This post is a little longer than our usual blog posts, but we think it is worth the read. 

Today, I’m going to be talking about family and kinship in Jewish history and within the LGBTQ community. Before I start though, I want to say something about language. I am going to be using the word “queer” today, and I want to acknowledge that it’s a word that may be uncomfortable for some. It is a word that has been filled with pain and violence, and also a word imbued with liberation.

“Queer” was reclaimed by ACT-UP activists who refused to concede that their lives were worthless because of their queerness. I hope that you will accept my invitation to lean into that discomfort if you feel it today, and stay with me. When I use queer, it is both as an umbrella term for LGBTQ community, as well as a loving celebration of outsiders, of difference and apartness as something to cherish, rather than something to erase.

If you’ve been attending shul recently, or if you’ve been following along at home, you know that at this point in our annual reading of the Torah we are deep in Joseph’s story.

Joseph is a ready touch-point for those of us who search our tradition’s texts for echoes of our vibrant, colorful, fabulous, often-outsider, queer lives. As my colleague Gregg Drinkwater has written, “The great rabbinic and medieval commentators make the modern task of ‘queering’ Joseph even easier, with all of them having noted that Joseph had a certain ‘sensibility.’”

Joseph is described as “behaving like a boy, penciling his eyes, curling his hair, and lifting his heel.” When Joseph is in Egypt, he rejects Potiphar wife’s advances, uninterested in sex with her. (This rejection of heterosexual desire and adultery is ultimately what lands him in jail.)

And, of course, there is the matter of his flamboyantly colorful coat; a symbol of his father’s love and preference, and the catalyst for his brothers’ betrayal. Throughout his life, Joseph is cast as the outsider. Ultimately, it is his apartness and difference that elevates him. His gift of insight, dream interpretation, and wisdom is what makes him valuable to the Egyptian Pharaoh, and are his (and his family’s) saving grace.

It is not so much Joseph’s potential queerness though, important as it is, that I am interested in talking about today. Rather, I am captured by the story of Joseph’s family.

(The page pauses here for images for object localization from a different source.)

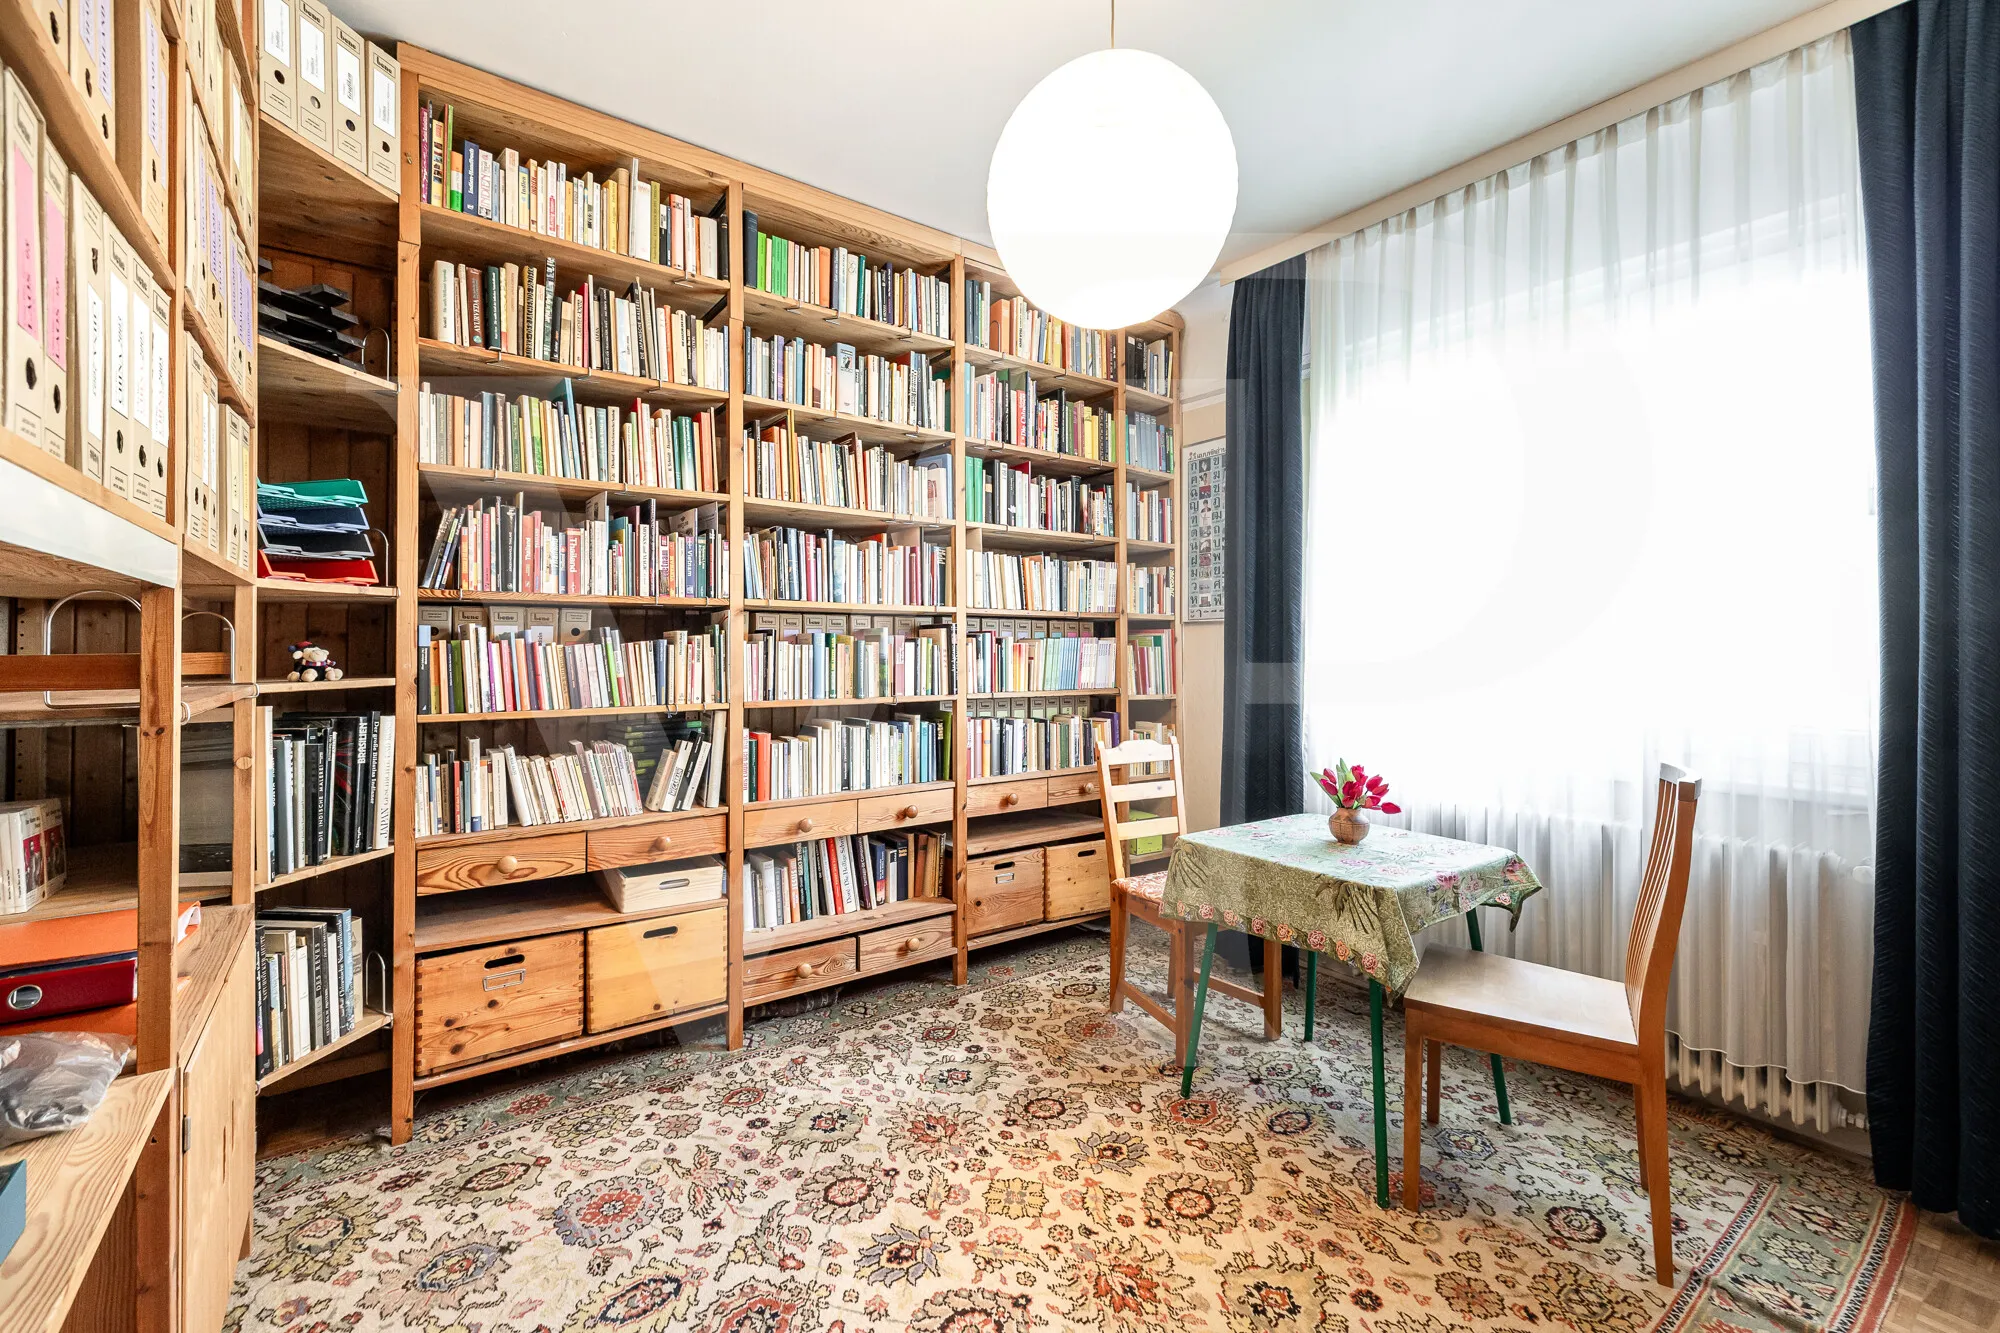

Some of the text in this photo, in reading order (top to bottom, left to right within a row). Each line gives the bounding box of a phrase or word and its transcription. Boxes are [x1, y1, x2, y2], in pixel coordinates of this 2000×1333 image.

[303, 4, 321, 24] bene
[340, 30, 357, 50] bene
[376, 56, 393, 75] bene
[481, 175, 491, 208] INDIEN
[462, 611, 480, 620] bene
[497, 612, 515, 622] bene
[357, 722, 367, 764] BRASILIEN
[380, 808, 389, 838] JAPAN

Joseph is deeply, deeply betrayed by his family of origin. He is thrown into a pit and sold into slavery because of his difference. And yet, when Joseph’s family returns—unknowingly—to him, asking for help and compassion, he welcomes them. Precisely the qualities within him that they cast out—his unnerving seeing, his apartness, his queerness—are ultimately the reason they are drawn back to him.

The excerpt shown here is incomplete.